• Task input:
● ● ●
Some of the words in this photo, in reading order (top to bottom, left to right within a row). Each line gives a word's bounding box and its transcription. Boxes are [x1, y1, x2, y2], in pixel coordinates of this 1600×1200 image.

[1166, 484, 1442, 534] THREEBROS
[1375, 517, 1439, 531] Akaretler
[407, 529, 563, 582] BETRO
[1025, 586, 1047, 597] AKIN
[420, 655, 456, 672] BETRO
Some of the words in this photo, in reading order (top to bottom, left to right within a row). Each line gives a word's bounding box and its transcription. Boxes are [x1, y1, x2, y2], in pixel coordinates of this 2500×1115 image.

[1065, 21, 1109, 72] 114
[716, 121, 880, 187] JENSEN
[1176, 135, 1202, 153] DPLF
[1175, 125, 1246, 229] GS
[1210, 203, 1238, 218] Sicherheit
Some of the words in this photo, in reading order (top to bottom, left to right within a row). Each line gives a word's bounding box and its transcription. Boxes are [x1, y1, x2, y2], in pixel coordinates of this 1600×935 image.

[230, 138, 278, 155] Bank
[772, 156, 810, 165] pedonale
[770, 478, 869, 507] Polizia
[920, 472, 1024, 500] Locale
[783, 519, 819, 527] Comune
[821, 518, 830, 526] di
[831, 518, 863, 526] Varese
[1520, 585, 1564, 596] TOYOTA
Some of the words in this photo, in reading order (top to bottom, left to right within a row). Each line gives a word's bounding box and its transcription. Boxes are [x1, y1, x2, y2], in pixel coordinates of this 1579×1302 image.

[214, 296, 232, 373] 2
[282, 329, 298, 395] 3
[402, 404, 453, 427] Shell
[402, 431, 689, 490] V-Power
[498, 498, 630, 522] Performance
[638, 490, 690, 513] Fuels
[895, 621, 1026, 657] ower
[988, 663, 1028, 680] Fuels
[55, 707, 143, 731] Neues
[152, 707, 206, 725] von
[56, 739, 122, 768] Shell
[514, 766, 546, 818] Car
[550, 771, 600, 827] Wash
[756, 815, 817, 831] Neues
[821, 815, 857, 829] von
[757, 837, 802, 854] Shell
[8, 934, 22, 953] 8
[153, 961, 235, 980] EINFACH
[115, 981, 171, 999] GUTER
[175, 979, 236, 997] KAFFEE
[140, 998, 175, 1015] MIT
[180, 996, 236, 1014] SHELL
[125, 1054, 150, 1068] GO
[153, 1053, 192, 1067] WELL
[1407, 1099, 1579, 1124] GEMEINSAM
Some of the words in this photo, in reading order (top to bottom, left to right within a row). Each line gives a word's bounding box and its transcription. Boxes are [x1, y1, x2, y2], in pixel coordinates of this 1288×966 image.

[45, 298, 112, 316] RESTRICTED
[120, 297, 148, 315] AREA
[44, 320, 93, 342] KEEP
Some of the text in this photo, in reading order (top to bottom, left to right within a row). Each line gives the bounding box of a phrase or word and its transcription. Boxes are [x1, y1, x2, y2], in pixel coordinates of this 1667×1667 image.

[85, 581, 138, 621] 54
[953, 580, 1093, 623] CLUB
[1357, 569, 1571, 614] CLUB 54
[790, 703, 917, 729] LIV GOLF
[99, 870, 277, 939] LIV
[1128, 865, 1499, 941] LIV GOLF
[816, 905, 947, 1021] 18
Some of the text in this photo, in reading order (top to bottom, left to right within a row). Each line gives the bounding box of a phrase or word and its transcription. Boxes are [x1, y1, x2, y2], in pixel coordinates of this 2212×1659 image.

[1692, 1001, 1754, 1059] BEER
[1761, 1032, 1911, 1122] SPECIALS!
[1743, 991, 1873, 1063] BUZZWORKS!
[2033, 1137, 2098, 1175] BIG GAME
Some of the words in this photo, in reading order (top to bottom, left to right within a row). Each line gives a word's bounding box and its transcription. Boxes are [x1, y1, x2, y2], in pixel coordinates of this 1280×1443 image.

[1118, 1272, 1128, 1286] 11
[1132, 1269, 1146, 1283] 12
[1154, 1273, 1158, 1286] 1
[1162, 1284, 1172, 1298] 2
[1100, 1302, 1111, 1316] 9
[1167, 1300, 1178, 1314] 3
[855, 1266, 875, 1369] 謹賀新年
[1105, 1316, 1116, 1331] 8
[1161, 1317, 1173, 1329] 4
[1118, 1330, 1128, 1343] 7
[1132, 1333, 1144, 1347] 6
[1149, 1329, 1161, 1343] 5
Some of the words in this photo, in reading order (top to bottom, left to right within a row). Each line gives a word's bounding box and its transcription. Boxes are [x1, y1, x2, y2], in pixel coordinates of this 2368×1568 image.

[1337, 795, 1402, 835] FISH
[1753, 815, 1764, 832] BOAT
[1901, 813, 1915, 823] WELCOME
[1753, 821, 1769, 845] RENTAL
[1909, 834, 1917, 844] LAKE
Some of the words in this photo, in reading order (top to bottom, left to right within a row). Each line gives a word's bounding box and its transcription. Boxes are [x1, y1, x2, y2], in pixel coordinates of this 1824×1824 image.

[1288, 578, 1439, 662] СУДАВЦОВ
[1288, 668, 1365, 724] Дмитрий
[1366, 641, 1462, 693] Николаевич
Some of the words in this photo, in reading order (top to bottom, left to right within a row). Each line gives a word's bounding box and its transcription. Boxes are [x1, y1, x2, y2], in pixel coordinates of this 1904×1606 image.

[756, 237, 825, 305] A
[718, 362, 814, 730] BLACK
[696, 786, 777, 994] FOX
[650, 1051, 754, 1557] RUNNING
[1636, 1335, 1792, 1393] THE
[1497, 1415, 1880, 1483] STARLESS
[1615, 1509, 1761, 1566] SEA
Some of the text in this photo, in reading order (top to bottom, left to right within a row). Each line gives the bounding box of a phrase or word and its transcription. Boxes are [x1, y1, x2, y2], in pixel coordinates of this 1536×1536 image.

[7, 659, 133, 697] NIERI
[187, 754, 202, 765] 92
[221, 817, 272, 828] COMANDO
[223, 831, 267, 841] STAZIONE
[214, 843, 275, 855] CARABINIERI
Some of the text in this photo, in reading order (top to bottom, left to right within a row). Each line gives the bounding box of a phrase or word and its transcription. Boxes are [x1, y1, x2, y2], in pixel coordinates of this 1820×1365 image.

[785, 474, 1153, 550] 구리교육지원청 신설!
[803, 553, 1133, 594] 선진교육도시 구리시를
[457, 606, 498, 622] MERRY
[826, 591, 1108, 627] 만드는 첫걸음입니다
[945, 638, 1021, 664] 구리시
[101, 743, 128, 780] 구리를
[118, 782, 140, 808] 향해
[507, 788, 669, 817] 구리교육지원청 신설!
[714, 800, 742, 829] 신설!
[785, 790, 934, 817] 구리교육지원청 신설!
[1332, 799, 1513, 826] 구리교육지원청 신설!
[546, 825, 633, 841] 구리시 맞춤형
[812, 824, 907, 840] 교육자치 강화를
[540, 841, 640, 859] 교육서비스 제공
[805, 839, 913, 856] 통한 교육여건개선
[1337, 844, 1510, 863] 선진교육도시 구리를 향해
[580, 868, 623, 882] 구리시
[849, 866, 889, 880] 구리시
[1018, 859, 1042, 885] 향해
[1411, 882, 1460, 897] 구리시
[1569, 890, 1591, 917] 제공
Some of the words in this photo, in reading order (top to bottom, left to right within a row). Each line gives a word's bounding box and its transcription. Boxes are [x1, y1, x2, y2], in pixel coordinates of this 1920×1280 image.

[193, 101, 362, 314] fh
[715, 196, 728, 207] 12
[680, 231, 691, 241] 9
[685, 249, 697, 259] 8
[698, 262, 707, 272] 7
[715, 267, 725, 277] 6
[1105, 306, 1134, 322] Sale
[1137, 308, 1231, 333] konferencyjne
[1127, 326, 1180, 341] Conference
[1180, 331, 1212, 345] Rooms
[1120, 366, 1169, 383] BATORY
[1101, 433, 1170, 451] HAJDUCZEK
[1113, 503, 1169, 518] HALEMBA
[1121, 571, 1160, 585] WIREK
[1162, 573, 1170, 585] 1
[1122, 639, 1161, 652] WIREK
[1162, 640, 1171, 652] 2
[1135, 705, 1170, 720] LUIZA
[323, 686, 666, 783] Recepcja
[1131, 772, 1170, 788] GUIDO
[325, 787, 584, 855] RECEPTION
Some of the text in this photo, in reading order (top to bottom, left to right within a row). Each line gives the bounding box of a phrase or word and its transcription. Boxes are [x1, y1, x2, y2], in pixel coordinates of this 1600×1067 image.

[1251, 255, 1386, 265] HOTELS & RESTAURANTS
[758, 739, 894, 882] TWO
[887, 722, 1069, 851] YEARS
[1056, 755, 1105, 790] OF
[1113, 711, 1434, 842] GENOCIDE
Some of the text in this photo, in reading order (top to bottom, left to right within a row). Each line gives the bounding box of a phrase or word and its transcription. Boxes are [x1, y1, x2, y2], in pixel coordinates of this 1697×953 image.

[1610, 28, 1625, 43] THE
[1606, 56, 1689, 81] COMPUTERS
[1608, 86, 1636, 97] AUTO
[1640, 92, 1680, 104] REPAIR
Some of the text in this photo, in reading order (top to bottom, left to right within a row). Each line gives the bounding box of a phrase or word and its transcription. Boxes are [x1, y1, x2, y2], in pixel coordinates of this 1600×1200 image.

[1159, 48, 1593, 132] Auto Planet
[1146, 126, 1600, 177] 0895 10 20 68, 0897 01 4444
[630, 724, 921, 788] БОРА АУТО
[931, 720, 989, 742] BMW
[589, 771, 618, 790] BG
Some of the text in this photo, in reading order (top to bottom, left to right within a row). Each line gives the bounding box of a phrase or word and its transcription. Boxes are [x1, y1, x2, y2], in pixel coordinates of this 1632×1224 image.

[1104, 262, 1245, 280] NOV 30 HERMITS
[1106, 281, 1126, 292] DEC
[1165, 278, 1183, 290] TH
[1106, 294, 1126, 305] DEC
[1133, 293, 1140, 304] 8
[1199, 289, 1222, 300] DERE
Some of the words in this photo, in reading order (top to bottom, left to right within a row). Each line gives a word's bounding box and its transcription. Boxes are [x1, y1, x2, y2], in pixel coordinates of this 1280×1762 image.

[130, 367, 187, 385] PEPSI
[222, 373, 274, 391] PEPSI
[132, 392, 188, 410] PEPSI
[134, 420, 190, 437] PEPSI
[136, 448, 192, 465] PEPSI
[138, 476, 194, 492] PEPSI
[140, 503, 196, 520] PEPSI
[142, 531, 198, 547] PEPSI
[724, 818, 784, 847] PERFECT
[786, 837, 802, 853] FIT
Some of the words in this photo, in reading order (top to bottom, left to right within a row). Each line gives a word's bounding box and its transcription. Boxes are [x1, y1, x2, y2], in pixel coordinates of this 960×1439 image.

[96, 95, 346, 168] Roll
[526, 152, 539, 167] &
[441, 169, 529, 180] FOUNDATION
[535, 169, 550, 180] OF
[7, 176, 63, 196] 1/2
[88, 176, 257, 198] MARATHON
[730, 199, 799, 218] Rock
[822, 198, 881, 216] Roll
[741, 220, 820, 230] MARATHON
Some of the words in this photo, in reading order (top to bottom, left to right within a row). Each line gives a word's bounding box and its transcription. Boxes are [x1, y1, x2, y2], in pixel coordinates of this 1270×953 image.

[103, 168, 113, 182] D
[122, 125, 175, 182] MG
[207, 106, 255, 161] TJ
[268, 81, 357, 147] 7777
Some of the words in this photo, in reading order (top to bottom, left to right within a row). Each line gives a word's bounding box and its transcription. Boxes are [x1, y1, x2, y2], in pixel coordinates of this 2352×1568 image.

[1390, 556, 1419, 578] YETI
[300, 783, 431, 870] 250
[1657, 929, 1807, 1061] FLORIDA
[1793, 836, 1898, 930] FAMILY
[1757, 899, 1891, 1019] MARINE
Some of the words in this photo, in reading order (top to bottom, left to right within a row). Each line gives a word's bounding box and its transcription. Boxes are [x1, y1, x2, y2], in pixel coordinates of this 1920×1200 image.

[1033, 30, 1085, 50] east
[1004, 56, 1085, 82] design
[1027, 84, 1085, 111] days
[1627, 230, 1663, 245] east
● ● ●
• Problem to solve:
Take the line holding "this 2352×1568 image." and all lines after it through the end of the data, and set them down exactly.

• Written answer:
Some of the words in this photo, in reading order (top to bottom, left to right within a row). Each line gives a word's bounding box and its transcription. Boxes are [x1, y1, x2, y2], in pixel coordinates of this 2352×1568 image.

[1390, 556, 1419, 578] YETI
[300, 783, 431, 870] 250
[1657, 929, 1807, 1061] FLORIDA
[1793, 836, 1898, 930] FAMILY
[1757, 899, 1891, 1019] MARINE
Some of the words in this photo, in reading order (top to bottom, left to right within a row). Each line gives a word's bounding box and its transcription. Boxes are [x1, y1, x2, y2], in pixel coordinates of this 1920×1200 image.

[1033, 30, 1085, 50] east
[1004, 56, 1085, 82] design
[1027, 84, 1085, 111] days
[1627, 230, 1663, 245] east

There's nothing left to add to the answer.